The CONNECTICUT LAND CO. (1795-1809) was an investment group that obtained title from the State of Connecticut to a major portion of the WESTERN RESERVE lands for resale to settlers. On 3 Aug. 1795, Native American claims to the eastern two-thirds of the Reserve were quieted through the Treaty of Greenville, thus opening the lands east of its CUYAHOGA RIVER treaty line for settlement. A syndicate of investor groups purchased what was advertised to be 3 million acres of the Reserve for $1.2 million on 2 Sept. 1795. Three days later 57 individuals, representing 35 investor groups, adopted articles of association as the Connecticut Land Company, establishing 400 ownership shares worth $3,000 each. The same day they conveyed the purchase to a trust, headed by John Caldwell, Jonathan Brace, and John Morgan. The sale consisted of all the Reserve except for a previously sold salt tract in the Mahoning Valley and the 500-acre Firelands on the west end. Done on credit, all proceeds were earmarked for the Connecticut School Fund. The first directors included MOSES CLEAVELAND, who as General Agent led the company’s initial survey party to the Reserve in 1796. Stopping at Conneaut, he negotiated a treaty on the Fourth of July with the MASSASAGOES whereby the tribe gave up their claim to all land east of the Cuyahoga River.
Over the course of two summers, the survey parties laid out the eastern Reserve into five-mile-square townships, and the Cleveland town site into three distinct sections: the In-Lots, the Out-Lots, and the Hundred-Acre Lots. Five-mile-square townships were less common in that time, but the resulting 16,000-acre parcels worked better mathematically for the company’s 400 investor shares than the federal land ordinance’s six-mile-square townships of 23,040 acres, albeit many configurations were being tried in Ohio at the time. The survey party noted the quantity and quality of the land and the Company developed a means of distributing the holdings to the investors in proportion to their stake. The Cleveland town site and six eastern townships were set aside for direct sale to settlers to defray the cost of operations. Then 93 townships were equalized and randomly assigned to the proprietors in a draft, or lottery, on 29 Jan. 1798.

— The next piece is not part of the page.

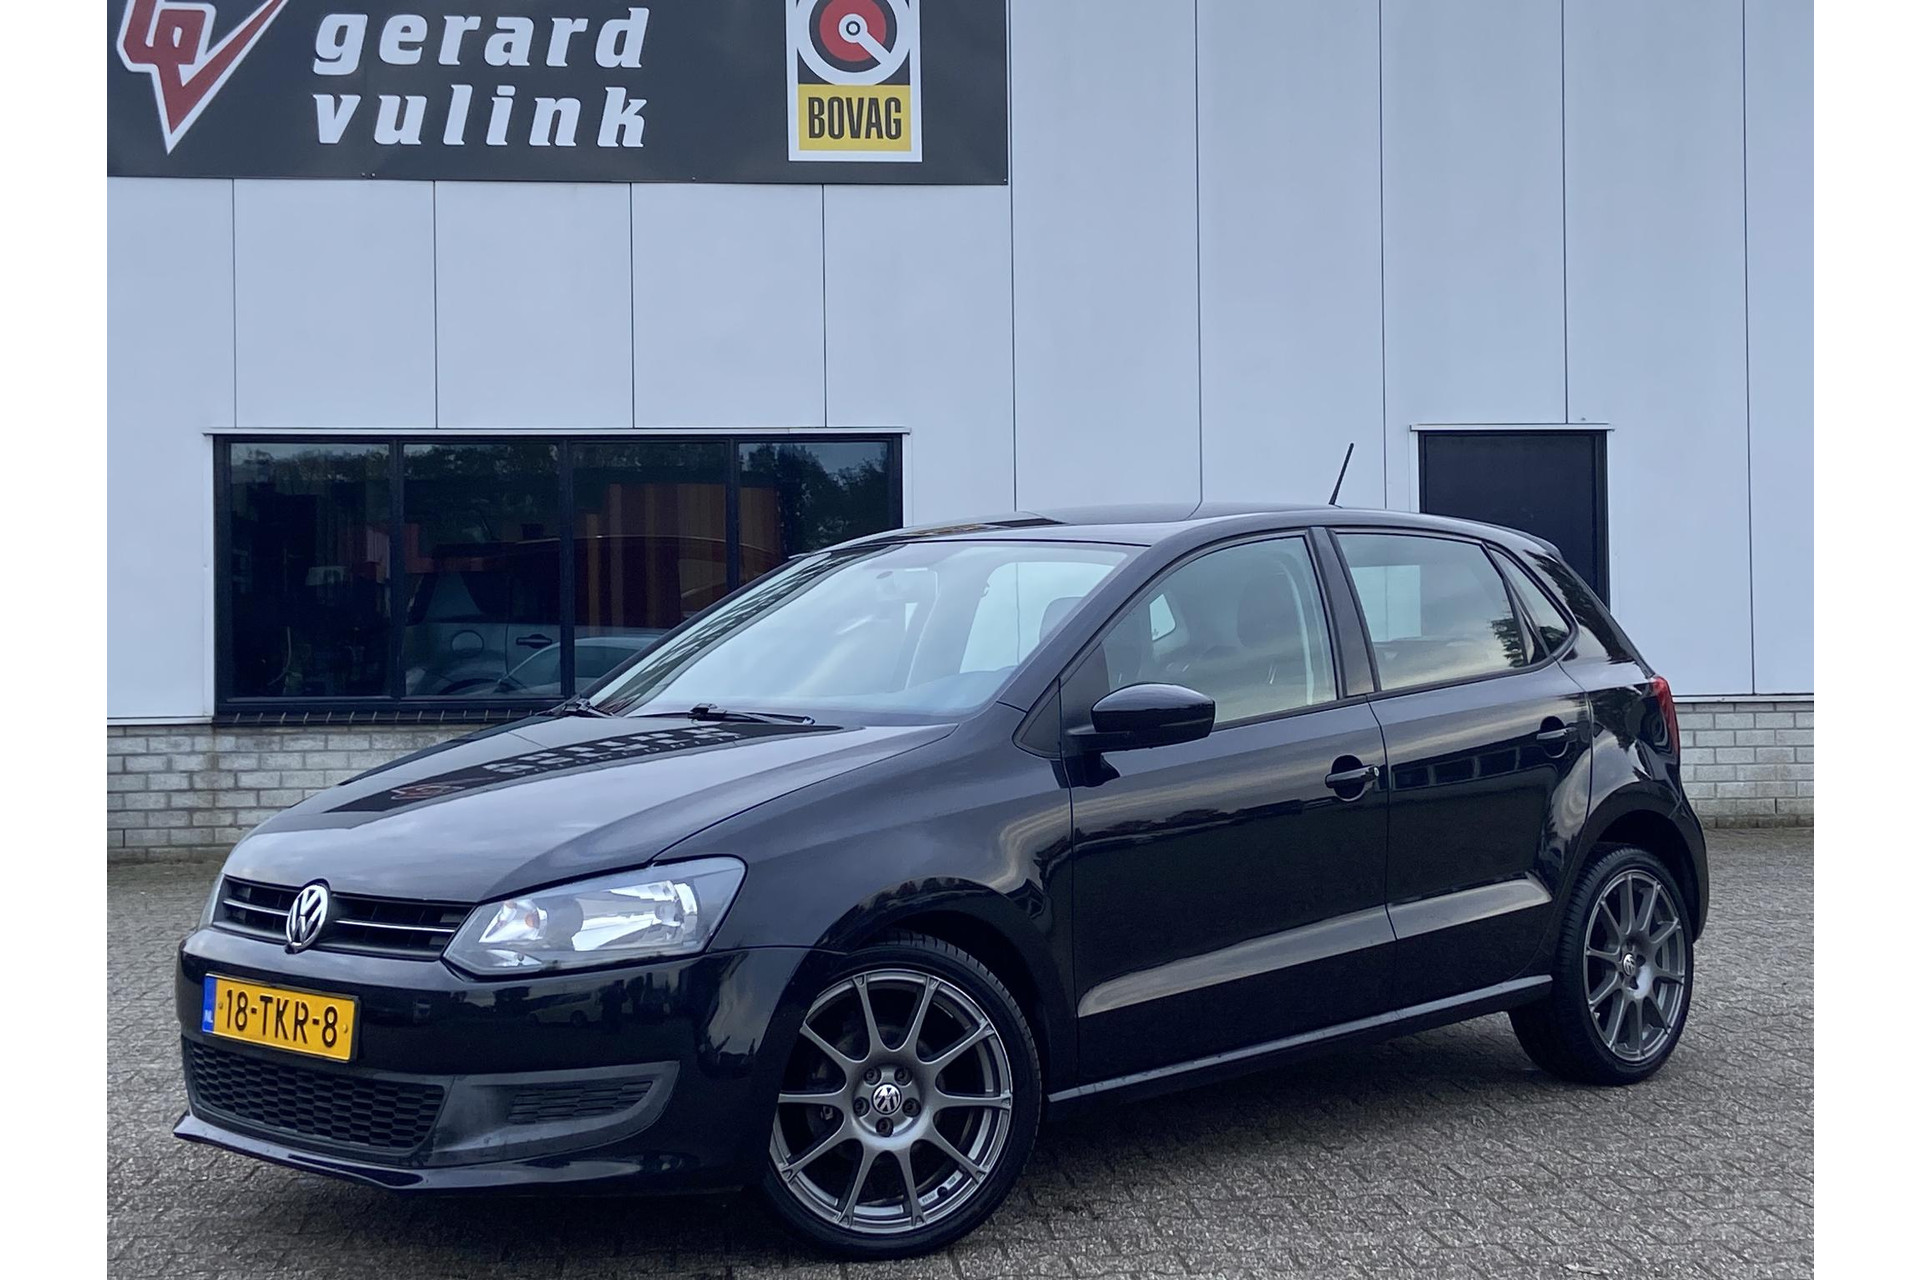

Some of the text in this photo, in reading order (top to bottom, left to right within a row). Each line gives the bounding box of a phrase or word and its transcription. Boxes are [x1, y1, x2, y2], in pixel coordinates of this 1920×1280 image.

[313, 7, 650, 76] gerard
[312, 84, 647, 148] vulink
[808, 96, 902, 140] BOVAG
[226, 989, 338, 1048] 18-TKR-8

A similar process was followed after the western townships became available through the Treaty of Ft. Industry on 4 July, 1805. Surveys in the west in 1806 by Abraham Tappan disclosed that the actual quantity of land purchased by the company totaled 2,837,100 acres, thus thwarting the gamble of the Excess Company that there would be more than 3 million acres. Due to the random nature of the drafts, proprietors received properties scattered throughout the Reserve. Many never intended to nor moved to the Reserve and the company never opened a sales office there. One group of proprietors created the Erie Company with their share of the holdings and sent Simon Perkins to manage their affairs there. Settlers were slow to purchase Reserve lands, in part because the title to the land and the right to govern it were disputed. Settlers ignored the authority of the governor of the Northwest Territory, while Connecticut refused company pleas that the state exercise the territorial rights ceded in 1786. On 28 Apr. 1800, President John Adams signed the "Quieting Act," in which the U.S. gave Connecticut legal rights to the Reserve so that the company's land titles would be quieted and guaranteed. Connecticut then granted the U.S. jurisdiction over the Reserve on 10 July 1800, when the Western Reserve became Trumbull County, a part of the Northwest Territory. During the early years, slow land sales forced the company to offer settlers moderate rates, free bonus land for running gristmills and sawmills, and other incentives. Because of company mismanagement, not many of the original proprietors made profits. The 1809 annual report of the Connecticut School Fund showed that a large amount of interest on the company's debt was unpaid and that the collateral of the original debt was not safe, a matter that the Fund’s Commissioner, JAMES HILLHOUSE, spent years setting right. The company was dissolved on 5 Jan. 1809, when all the remaining land was divided among the proprietors in a final lottery.